CITING “gaps” in the billions of pesos in the proposed P3.757-trillion national budget for 2019, Senate President Pro Tempore Ralph G. Recto on Tuesday asserted the need to fund certain measures in the annual money measure.
“There are gaps in the proposed 2019 budget that the Senate can address in a transparent, legal way,” Recto said, even as the senator promptly added he was not pinning the blame on any of the proponents of the measures requiring funding.
Among those for which funding will have to be set aside are new laws like the rice tariffication and coconut levy, as well as the Supreme Court ruling on the internal revenue fund (IRA) sharing that requires the national government to plow back billions to local government units.
“No one is to be blamed for the oversight, as these unfunded mandates arose from laws passed after the 2019 national budget had been prepared in the Executive branch,” Recto explained.
In addition to new laws, Recto noted “there is the Supreme Court ruling on the IRA [internal revenue allotment] case, which now adds billions in revenue plowbacks to local governments.” Recto recalled that “the ink had already dried on the proposed 2019 budget when this was promulgated.”
He pointed out that “nature also contributed to the need to recast portions of the budget,” citing, for instance, the damage caused by Typhoon Ompong which, he estimated, “will cost billions to repair and was impossible to forecast.”
According to Recto, “the truth is, developments break while the budget is being heard in Congress.

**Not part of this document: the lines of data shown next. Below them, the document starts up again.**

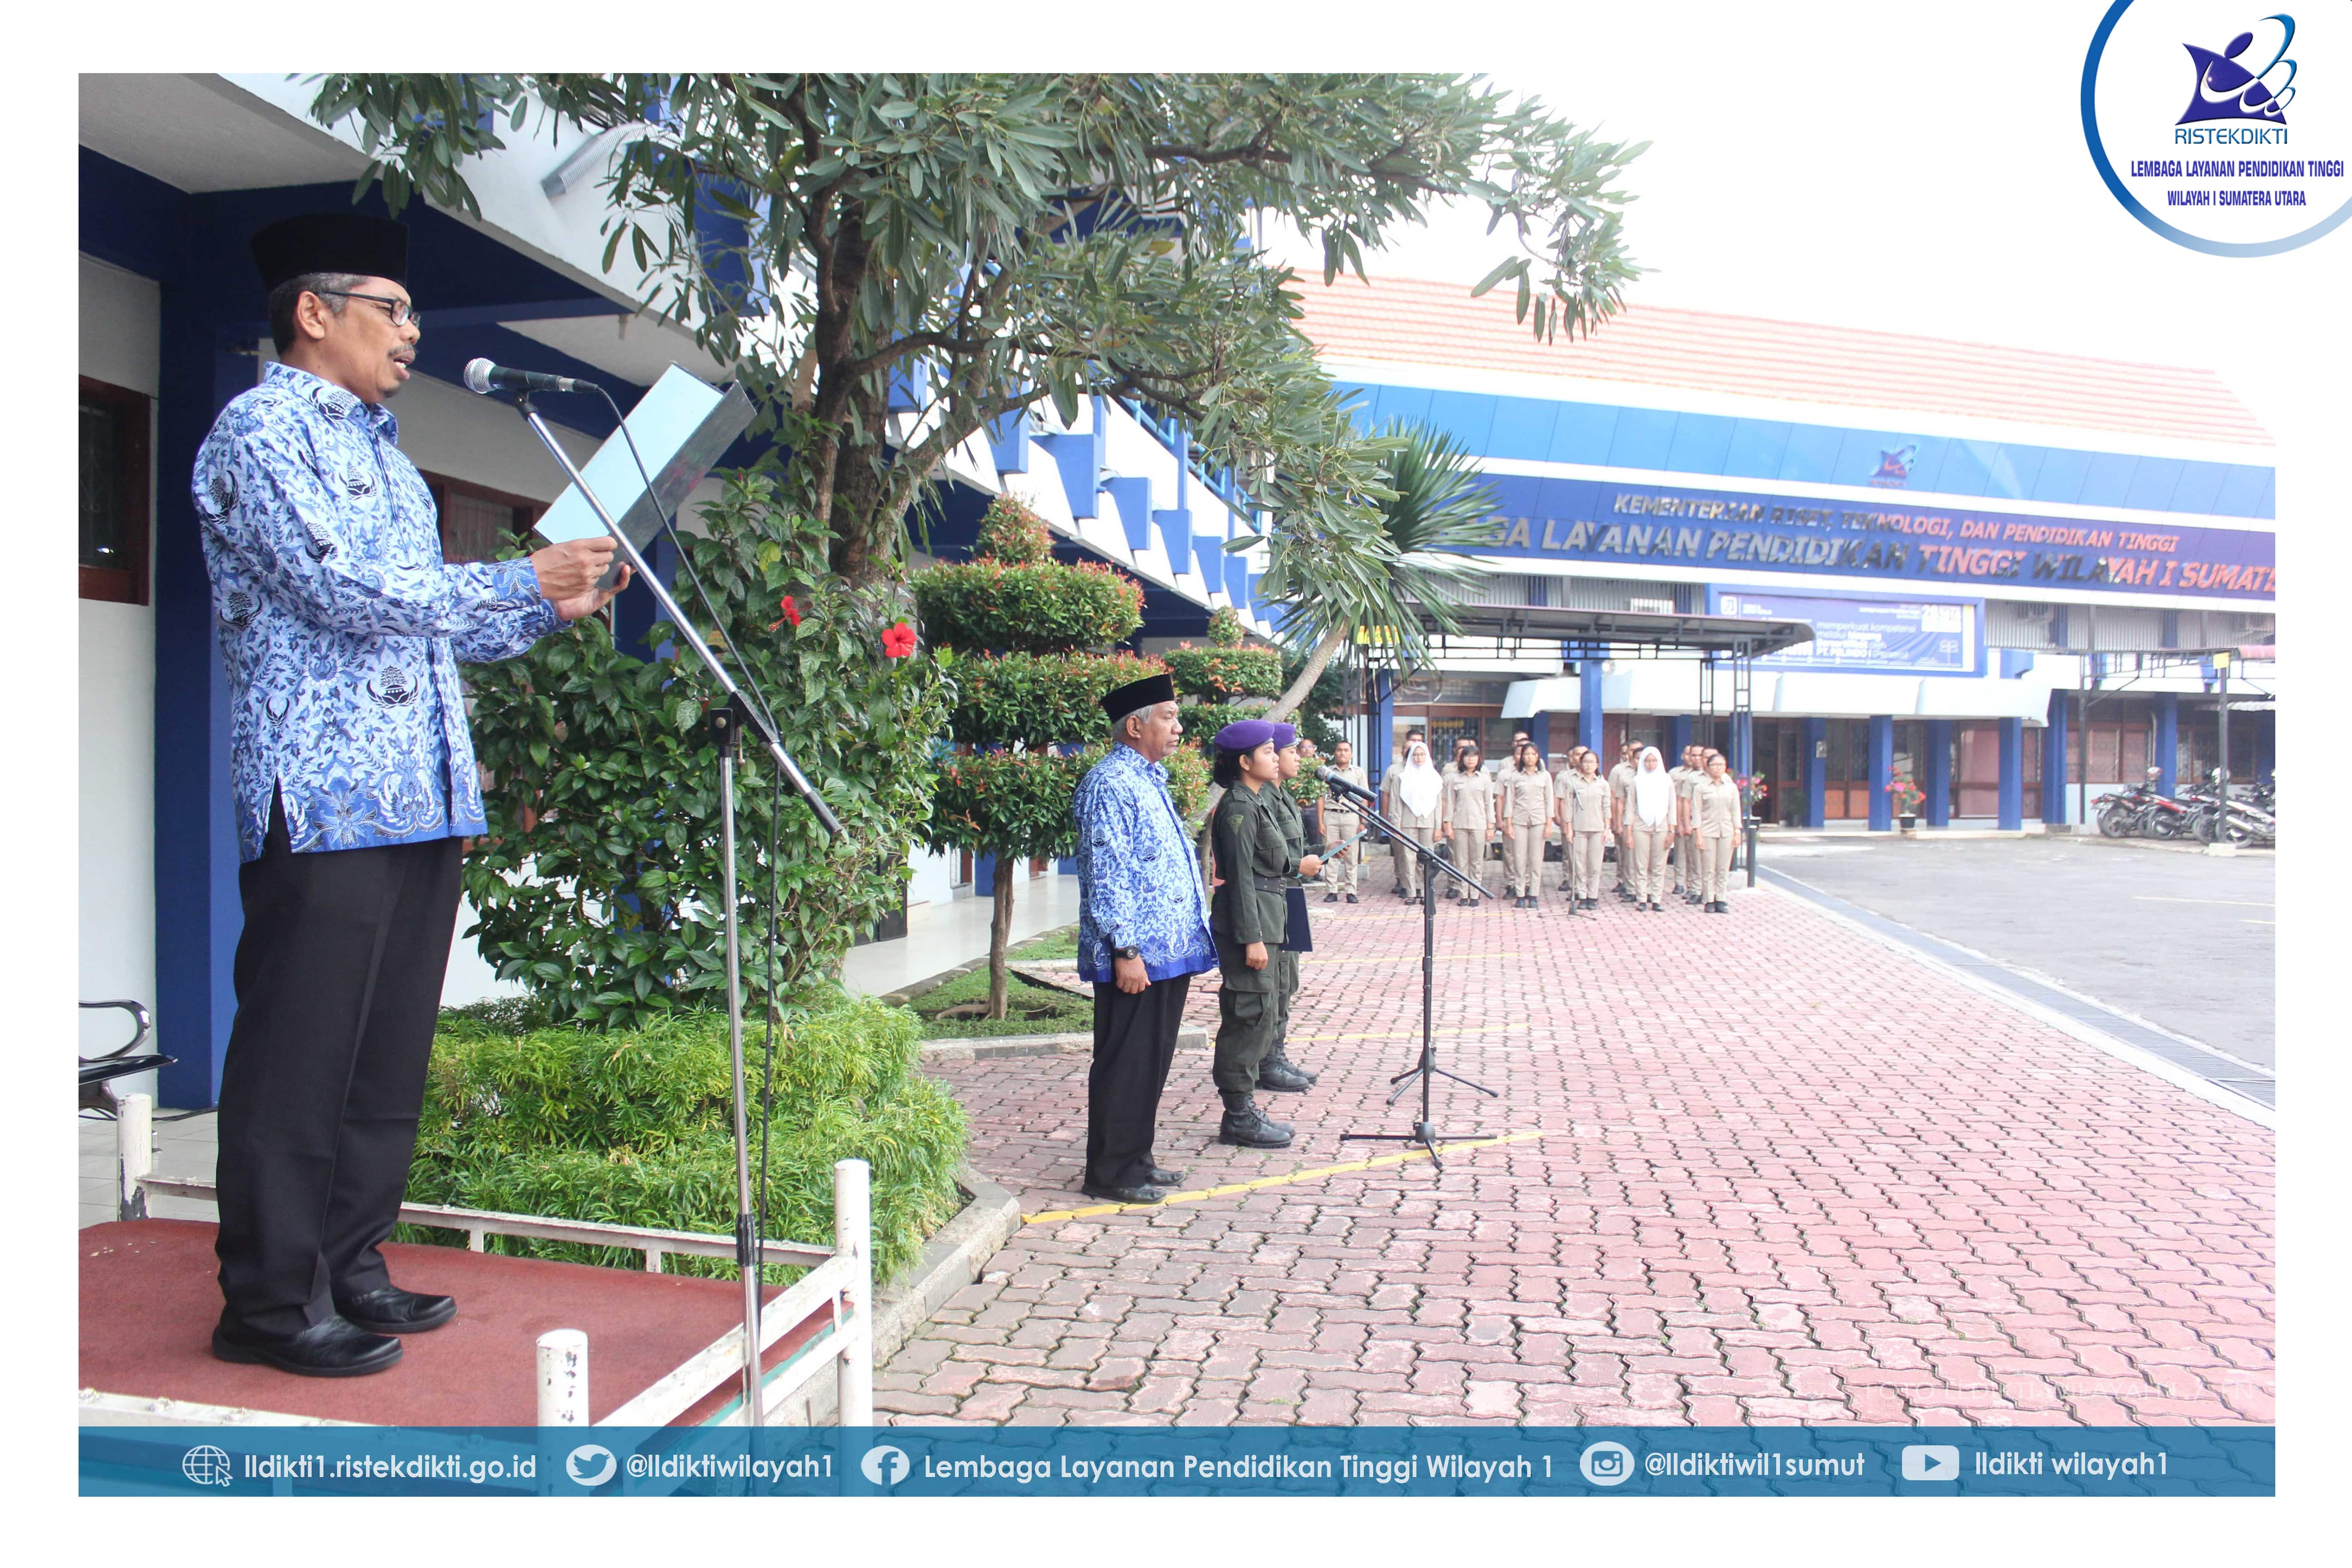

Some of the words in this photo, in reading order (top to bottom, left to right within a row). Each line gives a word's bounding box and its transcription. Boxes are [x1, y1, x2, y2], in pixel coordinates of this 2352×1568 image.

[1542, 519, 1702, 558] LAYANAN
[1706, 529, 1910, 571] PENDIDIKAN
[1917, 544, 2028, 578] TINGGI
[2032, 551, 2159, 586] WILAYAH
[2158, 560, 2177, 587] I
[1613, 493, 1765, 523] KEMENTERIAN
[1770, 505, 1833, 531] RISET,
[1841, 510, 1953, 540] TEKNOLOGI,
[1960, 519, 2000, 539] DAN
[2003, 523, 2113, 548] PENDIDIKAN
[2118, 532, 2180, 553] TINGGI
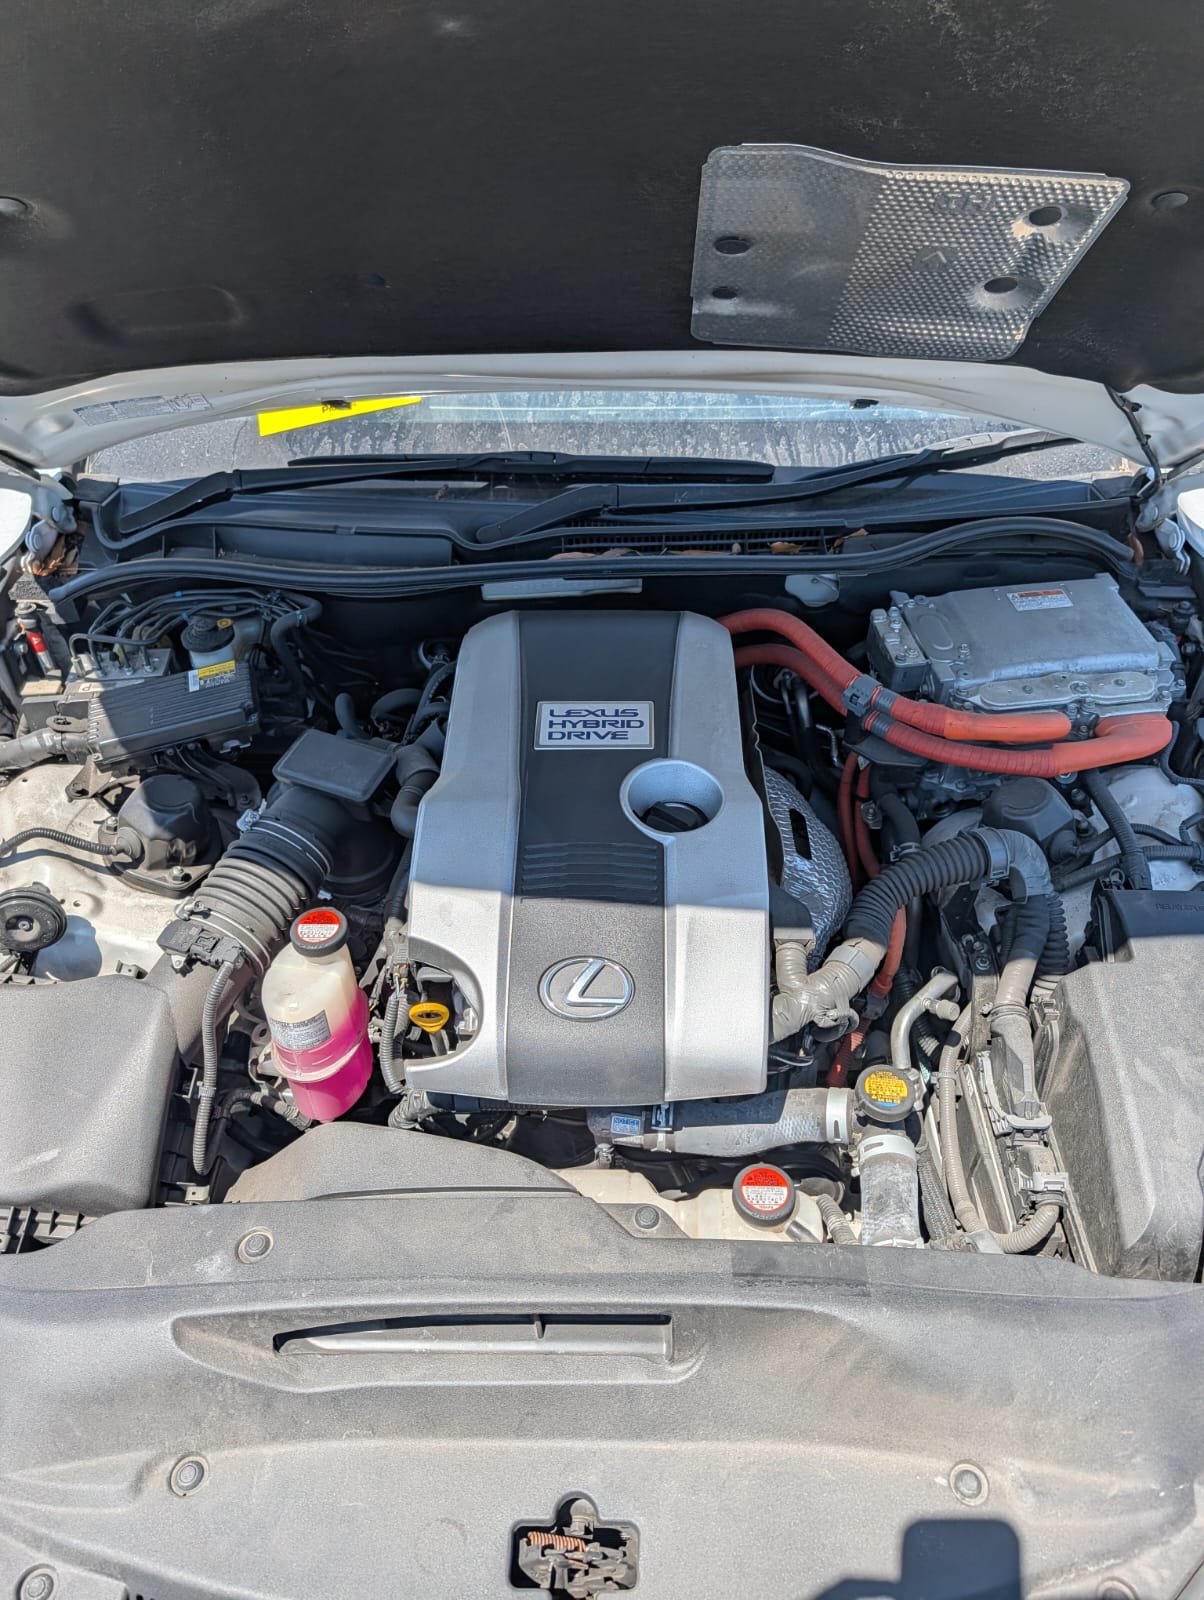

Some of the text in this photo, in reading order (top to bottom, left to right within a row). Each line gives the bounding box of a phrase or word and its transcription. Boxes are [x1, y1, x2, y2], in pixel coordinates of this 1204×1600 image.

The correct response is to try to accommodate them in the budget and not to totally ignore them.”
Rice tariffication, coco levy
One of these supervening events, he noted, is the rice tariffication bill. “If it will be signed into law while the 2019 national budget is still being debated in the Senate, then the Senate should fund the law’s mandate that a minimum P10 billion be annually provided for farmers to cope with the removal of import restrictions,” said Recto, recalling that this was “a promise given by the government to farmers, which it must redeem.”
Should President Duterte opt to sign the coco levy bill ahead of the Senate approval of the 2019 budget, Recto suggested that senators likewise incorporate into the 2019 budget the P10 billion it guarantees in yearly appropriations. “The return of the levy has been delayed. It is an injustice to subject its funding to dilution,” he adds.
According to Recto, another landmark legislation that requires funding before the start of the next fiscal year is the universal health care law, citing preliminary estimates that about P18 billion must be added to what was provided in the 2019 General Appropriations Bill.
Moreover, the senator listed the Bangsamoro Organic Law (BOL) as “one big promissory note we have issued to our brothers in the South,” airing concerns that “the consequences are great if we default on this.” He insisted that the first down payment in realizing the many promises of BOL must be in the 2019 budget.
Recto, however, acknowledged that “admittedly, there is tight budget space, and not much re-allocable funds to go around, in filling these gaps. Budgeting is a zero-sum game. By law, we cannot breach the total ceiling that the President has recommended.”
Asserting that “a peso is better than zero,” the senator said that the least the Senate can do is “put some money, rechanneled from low-priority and postponable expenditures, into these laws and programs so they can qualify for augmentation in a manner compliant with established rules.”